Com 1,1 médico para cada 1.000 habitantes, o Amazonas sustenta o sexto pior índice demográfico do país. "E este número mostra apenas parte do déficit", diz o secretário estadual da Saúde, Wilson Alecrim. "O Amazonas tem cerca de 3,5 mil médicos, mas apenas 450 deles moram e atuam fora de Manaus." Em municípios distantes como Maués, Jutaí e Envira, a rede pública conta com apenas um clínico-geral ou um recém-formado para toda a população, e nenhum especialista, como obstetra, anestesista ou cirurgião. Em Maués, por exemplo, a 258 quilômetros de Manaus, só se chega em 45 minutos de avião ou 18 horas de barco.
A falta de atendimento, contudo, não é exclusividade das regiões mais remotas. "Em Porto Alegre, se eu abro vagas para o Hospital das Clínicas ou para o Hospital Conceição, que são nossos melhores, vão surgir centenas de interessados. Mas eu tenho dificuldades em colocar médicos nos bairros mais carentes, como Vila Bom Jesus, Vila Cruzeiro e Lomba dos Pinheiros, que nem são tão distantes do centro", conta José Fortunati, prefeito da capital gaúcha e presidente da Frente Nacional dos Prefeitos.
" Porto Alegre é a quinta melhor colocada, dos mais de 5.500 municípios do Brasil, no IDSUS, e ainda assim nós também temos dificuldades", acrescentou, referindo-se ao índice do Sistema Único de Saúde que classifica as melhores estruturas da rede pública.

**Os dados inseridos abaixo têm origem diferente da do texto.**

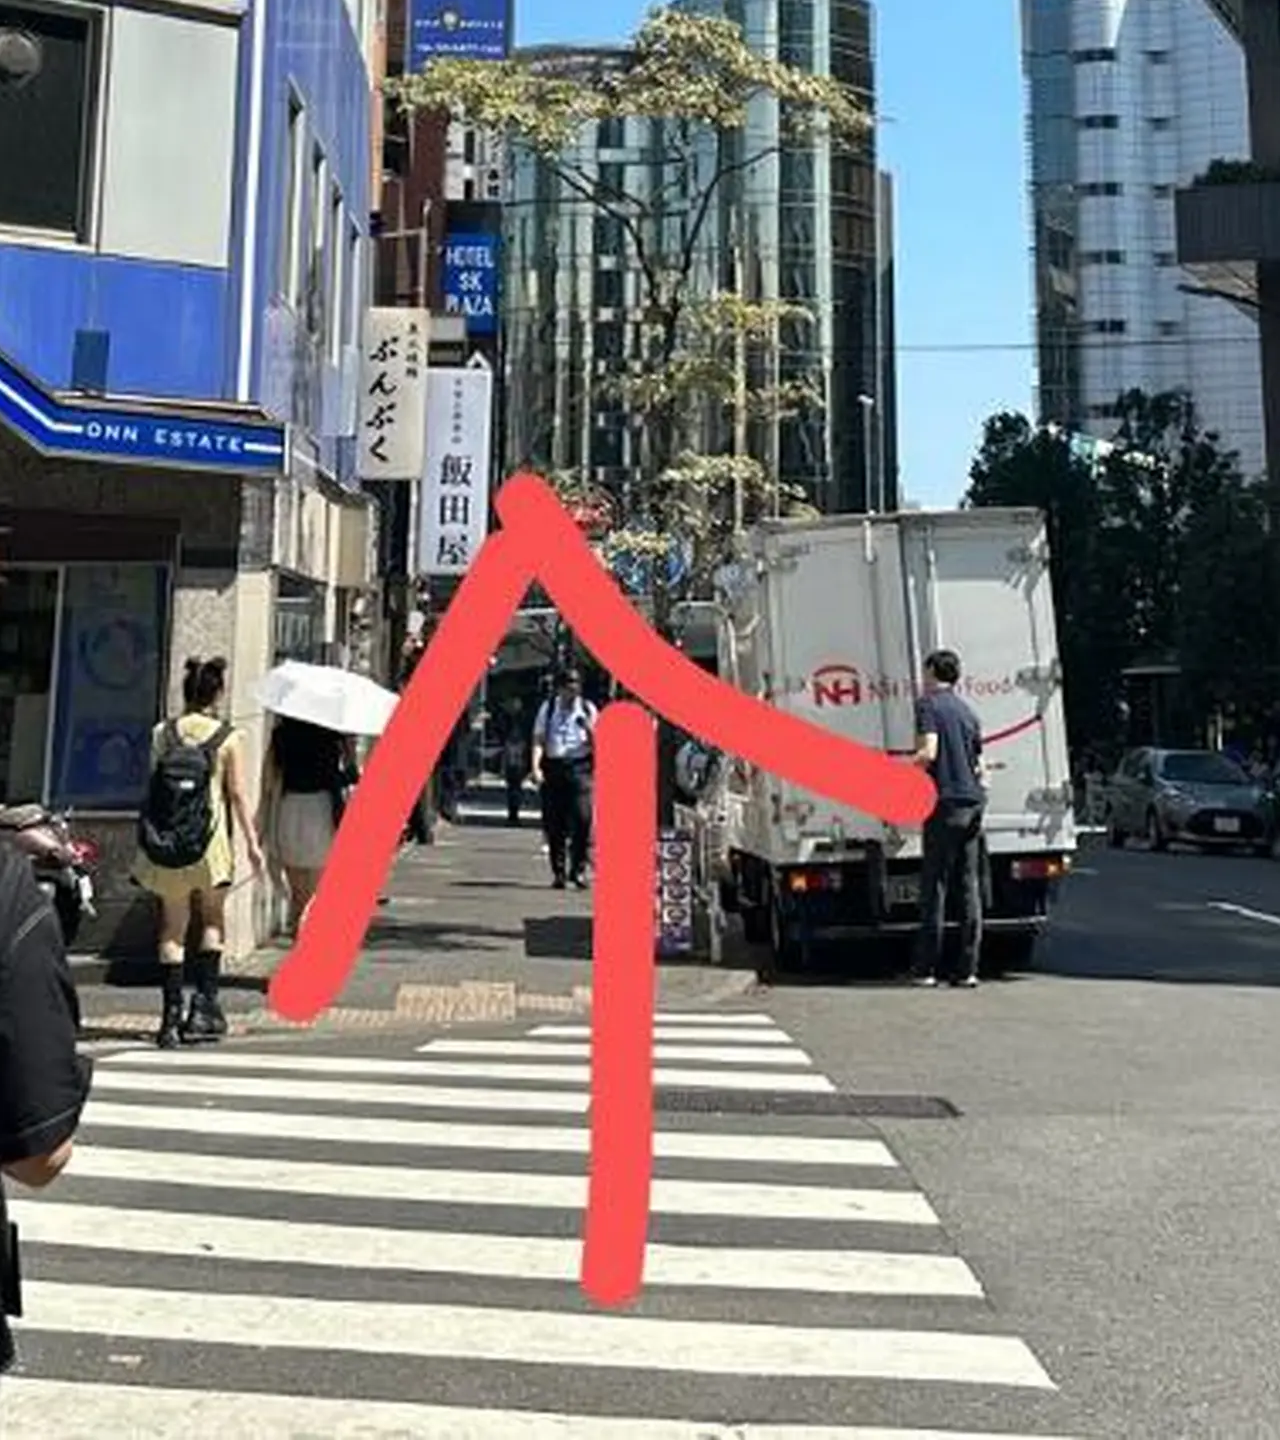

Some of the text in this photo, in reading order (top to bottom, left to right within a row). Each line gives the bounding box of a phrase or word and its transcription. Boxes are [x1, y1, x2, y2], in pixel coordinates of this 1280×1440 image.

[446, 246, 494, 268] HOTEL
[365, 336, 400, 463] ぶんぶく
[86, 421, 243, 453] ONN ESTATE
[437, 453, 473, 566] 飯田屋
[813, 677, 862, 707] NH
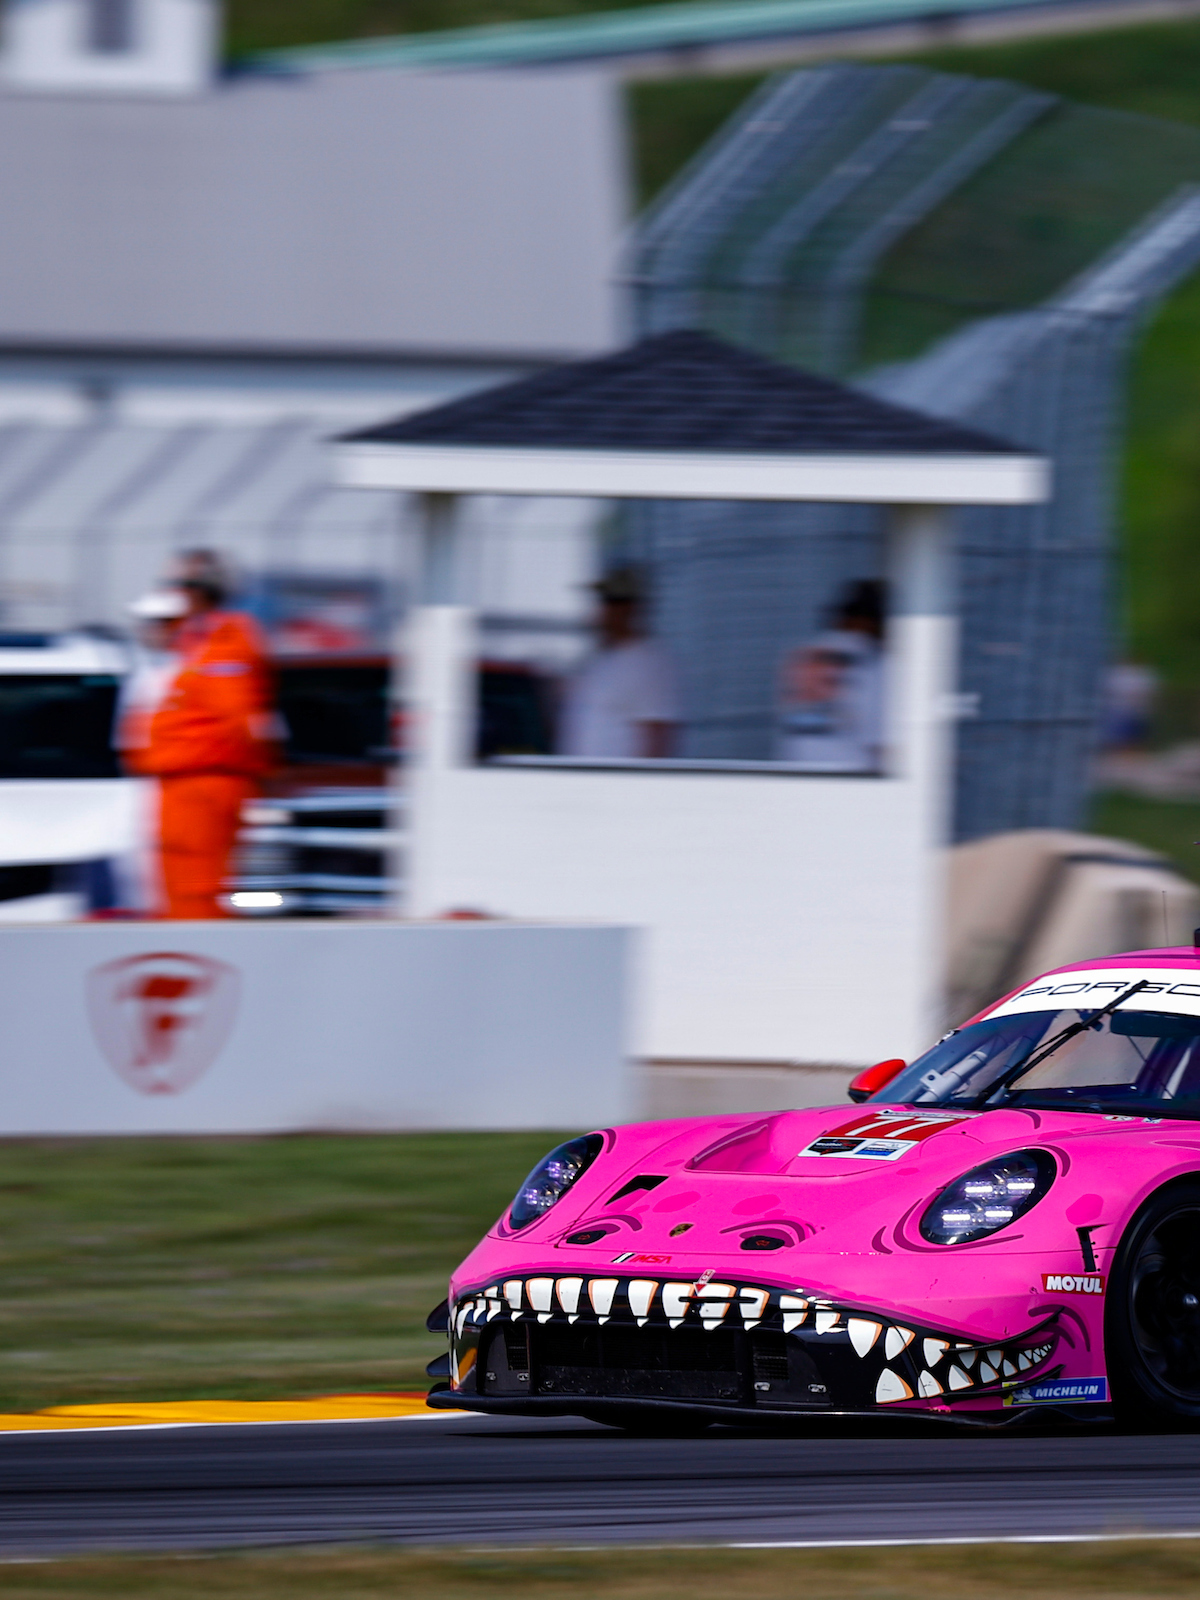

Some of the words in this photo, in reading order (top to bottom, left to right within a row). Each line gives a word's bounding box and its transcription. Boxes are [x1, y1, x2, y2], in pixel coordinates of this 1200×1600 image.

[845, 1115, 955, 1138] 77
[1046, 1275, 1102, 1293] MOTUL
[1035, 1385, 1099, 1397] MICHELIN

Clóvis Boufleur, gestor de relações institucionais da Pastoral da Criança, ONG que dá apoio médico a gestantes e crianças em comunidades carentes de todo o país, pontua não só a falta de estrutura - "há a total ausência de serviços como pediatria e obstetrícia em vários municípios", diz - como as consequências para a saúde que isso provoca. "O maior índice de mortalidade infantil do país hoje é relacionado ao primeiro mês de vida, e o maior índice de mortalidade materna é relacionado ao parto, o que é consequência da falta de atendimento. Muitas gestantes não têm acesso ao pré-natal ou têm que se deslocar grandes distâncias para isso", diz Boufleur.
Em 2010, segundo os dados mais recentes da Organização Mundial da Saúde (OMS), 90,2% das gestantes brasileiras recebiam consultas constantes durante a gravidez, mas dados da Pastoral da Criança mostram que em algumas locais os níveis são africanos: no Acre o pré-natal cai para 75,4% das mulheres e, no Amapá, para 78,3%. Entre as piores cidades, estão a fluminense Valença (79,4%), a amazonense São Gabriel da Cachoeira (51,7%) e a pernambucana Palmares (50,9%) - índices similares ao de países como Butão (77,3%); Guiné (50,3%) e Senegal (50%).
O país já descentralizou a formação de médicos, mas essa não é, necessariamente, uma solução. Na Universidade Federal do Acre (Ufac), que oferece desde 2002 o único curso de medicina do Estado, são abertas anualmente 40 vagas, número que deve ser ampliado para 80 a partir de 2014. Ainda assim, no vestibular de 2011 para 2012, nenhum dos 40 aprovados apareceu para fazer matrícula. "As 40 vagas foram preenchidas, mas só depois de muitas chamadas", contou o coordenador do curso, Thor Dantas. Foram oito chamadas no total. "Os primeiros colocados passam em outras universidades e são de outro Estado e preferem não vir." De qualquer forma, Dantas entende que, embora ainda incipiente, a criação e ampliação de vagas locais tanto para a graduação quanto para a especialização de médicos é um primeiro empurrão para fixar os profissionais na própria região. "O perfil do médico acriano já está mudando. A maior parte dos especialistas registrados hoje pelo CRM já é de médicos que fizeram residência no Estado. Antes não tinha", contou o coordenador, que se formou em medicina pela Universidade Federal do Rio de Janeiro (UFRJ). "Eu que optei por voltar depois." (Colaborou Rodrigo Pedroso)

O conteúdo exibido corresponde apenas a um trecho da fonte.